Excerpts from a dataset:
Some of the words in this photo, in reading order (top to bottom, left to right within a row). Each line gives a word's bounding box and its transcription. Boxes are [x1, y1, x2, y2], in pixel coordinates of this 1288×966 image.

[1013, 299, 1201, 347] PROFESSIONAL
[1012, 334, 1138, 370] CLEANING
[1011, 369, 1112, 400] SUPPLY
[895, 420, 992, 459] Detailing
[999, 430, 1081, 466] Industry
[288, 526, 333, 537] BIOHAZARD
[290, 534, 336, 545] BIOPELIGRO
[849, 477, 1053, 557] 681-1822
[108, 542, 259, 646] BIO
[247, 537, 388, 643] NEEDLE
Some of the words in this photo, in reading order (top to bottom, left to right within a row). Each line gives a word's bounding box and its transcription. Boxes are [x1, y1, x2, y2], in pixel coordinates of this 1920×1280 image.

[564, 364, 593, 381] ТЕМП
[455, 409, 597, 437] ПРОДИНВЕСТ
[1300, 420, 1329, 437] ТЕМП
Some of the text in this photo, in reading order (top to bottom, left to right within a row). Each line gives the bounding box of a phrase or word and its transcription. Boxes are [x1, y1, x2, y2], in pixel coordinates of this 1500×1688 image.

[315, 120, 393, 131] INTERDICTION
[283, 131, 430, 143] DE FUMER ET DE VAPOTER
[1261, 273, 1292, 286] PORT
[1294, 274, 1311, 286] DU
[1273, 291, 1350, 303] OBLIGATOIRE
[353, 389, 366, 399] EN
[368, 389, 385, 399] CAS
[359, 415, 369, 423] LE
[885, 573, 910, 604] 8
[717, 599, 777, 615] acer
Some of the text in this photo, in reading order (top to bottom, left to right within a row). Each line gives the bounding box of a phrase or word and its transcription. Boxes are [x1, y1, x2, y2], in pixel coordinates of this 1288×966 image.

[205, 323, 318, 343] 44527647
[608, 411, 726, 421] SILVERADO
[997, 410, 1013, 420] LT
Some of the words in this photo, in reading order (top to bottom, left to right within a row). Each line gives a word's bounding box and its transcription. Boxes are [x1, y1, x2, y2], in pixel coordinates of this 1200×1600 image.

PROBLEM DETAILS: The line containing "this 1920×1280 image." and every line after it, up to and including the last line of the records, should be reproduced exactly, with nothing else.

RESPONSE TO THE EXERCISE:
Some of the words in this photo, in reading order (top to bottom, left to right within a row). Each line gives a word's bounding box and its transcription. Boxes are [x1, y1, x2, y2], in pixel coordinates of this 1920×1280 image.

[564, 364, 593, 381] ТЕМП
[455, 409, 597, 437] ПРОДИНВЕСТ
[1300, 420, 1329, 437] ТЕМП
Some of the text in this photo, in reading order (top to bottom, left to right within a row). Each line gives the bounding box of a phrase or word and its transcription. Boxes are [x1, y1, x2, y2], in pixel coordinates of this 1500×1688 image.

[315, 120, 393, 131] INTERDICTION
[283, 131, 430, 143] DE FUMER ET DE VAPOTER
[1261, 273, 1292, 286] PORT
[1294, 274, 1311, 286] DU
[1273, 291, 1350, 303] OBLIGATOIRE
[353, 389, 366, 399] EN
[368, 389, 385, 399] CAS
[359, 415, 369, 423] LE
[885, 573, 910, 604] 8
[717, 599, 777, 615] acer
Some of the text in this photo, in reading order (top to bottom, left to right within a row). Each line gives the bounding box of a phrase or word and its transcription. Boxes are [x1, y1, x2, y2], in pixel coordinates of this 1288×966 image.

[205, 323, 318, 343] 44527647
[608, 411, 726, 421] SILVERADO
[997, 410, 1013, 420] LT
Some of the words in this photo, in reading order (top to bottom, left to right within a row). Each line gives a word's bounding box and its transcription. Boxes are [x1, y1, x2, y2], in pixel coordinates of this 1200×1600 image.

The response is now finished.